第1章 不幸な出来事は続く?
「そうですか。…困りましたね」
「はい。困ってます」
「信長様の命は絶対ですし、この本能寺は信長様のお命を狙った輩がまだ潜んでいるかも知れず大変危険で、伽耶様をこのような危険な地に残して行くわけにも参りません」
「本能寺っ?ここって、あの燃えてる建物って本能寺なの!?」
「はい」
「………っ、」
そういえばさっき織田信長もそう言ってたよね…?名前とか時代とかに気を取られてたから聞き流してたけど…

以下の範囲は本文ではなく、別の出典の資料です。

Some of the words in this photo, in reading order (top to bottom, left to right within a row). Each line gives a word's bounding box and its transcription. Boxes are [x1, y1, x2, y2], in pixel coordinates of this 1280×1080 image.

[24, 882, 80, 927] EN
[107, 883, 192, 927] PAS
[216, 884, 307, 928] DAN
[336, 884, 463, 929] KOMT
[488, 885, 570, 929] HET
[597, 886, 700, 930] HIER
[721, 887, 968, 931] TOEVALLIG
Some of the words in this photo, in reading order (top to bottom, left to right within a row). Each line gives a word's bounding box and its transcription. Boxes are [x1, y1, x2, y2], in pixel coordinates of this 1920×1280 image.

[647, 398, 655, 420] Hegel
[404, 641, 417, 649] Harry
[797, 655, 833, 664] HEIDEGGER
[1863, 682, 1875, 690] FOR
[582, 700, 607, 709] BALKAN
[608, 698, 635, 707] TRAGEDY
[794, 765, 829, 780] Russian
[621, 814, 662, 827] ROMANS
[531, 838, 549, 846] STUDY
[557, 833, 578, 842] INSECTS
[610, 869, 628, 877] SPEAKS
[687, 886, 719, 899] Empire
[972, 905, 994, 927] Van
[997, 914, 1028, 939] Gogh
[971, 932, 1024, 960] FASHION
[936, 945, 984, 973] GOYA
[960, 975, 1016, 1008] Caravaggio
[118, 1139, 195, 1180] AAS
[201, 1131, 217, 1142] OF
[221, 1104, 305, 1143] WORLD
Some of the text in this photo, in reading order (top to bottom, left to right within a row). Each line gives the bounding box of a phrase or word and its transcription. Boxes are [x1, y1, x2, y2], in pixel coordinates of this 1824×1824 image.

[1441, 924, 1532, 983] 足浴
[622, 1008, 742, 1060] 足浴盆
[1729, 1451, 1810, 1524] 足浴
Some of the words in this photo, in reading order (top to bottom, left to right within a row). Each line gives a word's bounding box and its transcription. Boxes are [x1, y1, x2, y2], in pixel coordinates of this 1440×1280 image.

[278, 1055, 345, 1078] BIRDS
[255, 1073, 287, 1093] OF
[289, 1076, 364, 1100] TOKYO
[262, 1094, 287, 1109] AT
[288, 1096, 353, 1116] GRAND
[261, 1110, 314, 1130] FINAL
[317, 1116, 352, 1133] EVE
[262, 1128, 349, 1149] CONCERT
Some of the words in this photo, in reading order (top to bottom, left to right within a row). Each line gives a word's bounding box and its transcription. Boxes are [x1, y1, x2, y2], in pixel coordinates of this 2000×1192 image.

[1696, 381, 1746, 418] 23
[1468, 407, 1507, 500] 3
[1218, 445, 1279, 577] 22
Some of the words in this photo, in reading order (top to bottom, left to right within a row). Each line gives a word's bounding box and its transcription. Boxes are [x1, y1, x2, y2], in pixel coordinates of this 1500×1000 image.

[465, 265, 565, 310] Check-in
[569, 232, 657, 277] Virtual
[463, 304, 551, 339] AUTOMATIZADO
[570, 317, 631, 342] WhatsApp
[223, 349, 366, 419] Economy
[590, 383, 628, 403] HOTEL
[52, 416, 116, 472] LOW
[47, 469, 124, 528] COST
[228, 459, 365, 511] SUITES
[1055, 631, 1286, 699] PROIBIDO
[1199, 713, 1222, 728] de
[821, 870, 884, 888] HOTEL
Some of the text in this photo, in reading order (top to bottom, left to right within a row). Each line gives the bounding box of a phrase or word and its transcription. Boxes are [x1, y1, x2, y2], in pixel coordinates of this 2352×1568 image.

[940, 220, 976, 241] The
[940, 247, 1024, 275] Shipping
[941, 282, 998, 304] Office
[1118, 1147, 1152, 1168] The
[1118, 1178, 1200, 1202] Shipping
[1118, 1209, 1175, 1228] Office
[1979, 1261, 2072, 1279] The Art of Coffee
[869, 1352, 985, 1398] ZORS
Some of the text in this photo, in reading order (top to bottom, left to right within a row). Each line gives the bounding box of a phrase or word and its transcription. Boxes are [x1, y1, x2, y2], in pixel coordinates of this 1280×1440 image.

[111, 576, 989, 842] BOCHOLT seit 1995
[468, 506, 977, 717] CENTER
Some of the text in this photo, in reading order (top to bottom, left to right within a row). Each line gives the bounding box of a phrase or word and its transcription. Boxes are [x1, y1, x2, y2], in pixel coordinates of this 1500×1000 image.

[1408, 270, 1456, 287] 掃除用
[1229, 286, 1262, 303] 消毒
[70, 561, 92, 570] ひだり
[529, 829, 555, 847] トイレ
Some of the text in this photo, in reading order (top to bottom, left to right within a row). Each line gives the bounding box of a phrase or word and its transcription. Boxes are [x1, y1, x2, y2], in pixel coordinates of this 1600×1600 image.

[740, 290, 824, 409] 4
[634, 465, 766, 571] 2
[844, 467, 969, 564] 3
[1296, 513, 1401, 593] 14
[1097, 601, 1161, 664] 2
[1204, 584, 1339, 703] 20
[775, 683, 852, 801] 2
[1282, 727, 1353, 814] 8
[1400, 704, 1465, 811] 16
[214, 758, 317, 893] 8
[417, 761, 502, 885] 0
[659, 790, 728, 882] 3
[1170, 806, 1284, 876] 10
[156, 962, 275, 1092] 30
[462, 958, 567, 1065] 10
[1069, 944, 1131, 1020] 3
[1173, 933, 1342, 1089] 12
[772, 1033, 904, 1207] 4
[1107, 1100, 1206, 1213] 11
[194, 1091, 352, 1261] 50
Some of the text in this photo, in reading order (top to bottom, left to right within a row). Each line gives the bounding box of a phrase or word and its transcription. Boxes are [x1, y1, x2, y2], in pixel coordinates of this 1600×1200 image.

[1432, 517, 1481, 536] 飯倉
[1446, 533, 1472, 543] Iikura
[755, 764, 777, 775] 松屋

「此度の京に滞在する信長様の宿所としておりましたが、何者かが忍び込み命を狙った様です。伽耶様?」
「ちょっとごめん」
少し考えさせて欲しいと手でお願いをして、私は頭の中を整理した。
要するに、私は現代の本能寺跡地からこの戦国時代の本能寺に、しかも本能寺の変の夜にタイムスリップしたって事?
そして偶然にも織田信長を助けちゃったって事!?
「ヤバい、……歴史変えちゃったかも……でも、あんな状況で助けないとか無理でしょ?」
「伽耶様は信長様のお命を救った大切なお方です。先ずはそのお礼をと信長様も申しておりましたので、このまま安土においで下さい。ここは危険です。安土にお寄り頂いた後で、伽耶様をご希望の地までお送り致しますので」
ね。と天使の様な笑顔で言われたので降参です。
確かにさっき信長様の命を狙ってるっぽい影を私はしっかりと見たし、その人が私を口封じに殺そうとしに来るかもしれない。
「じゃあ、そうします」
手元にあるのは、ガイドブックとスマホと充電器と財布の入ったバッグのみ。
私の戦国ライフはこんな形でいきなりスタートした。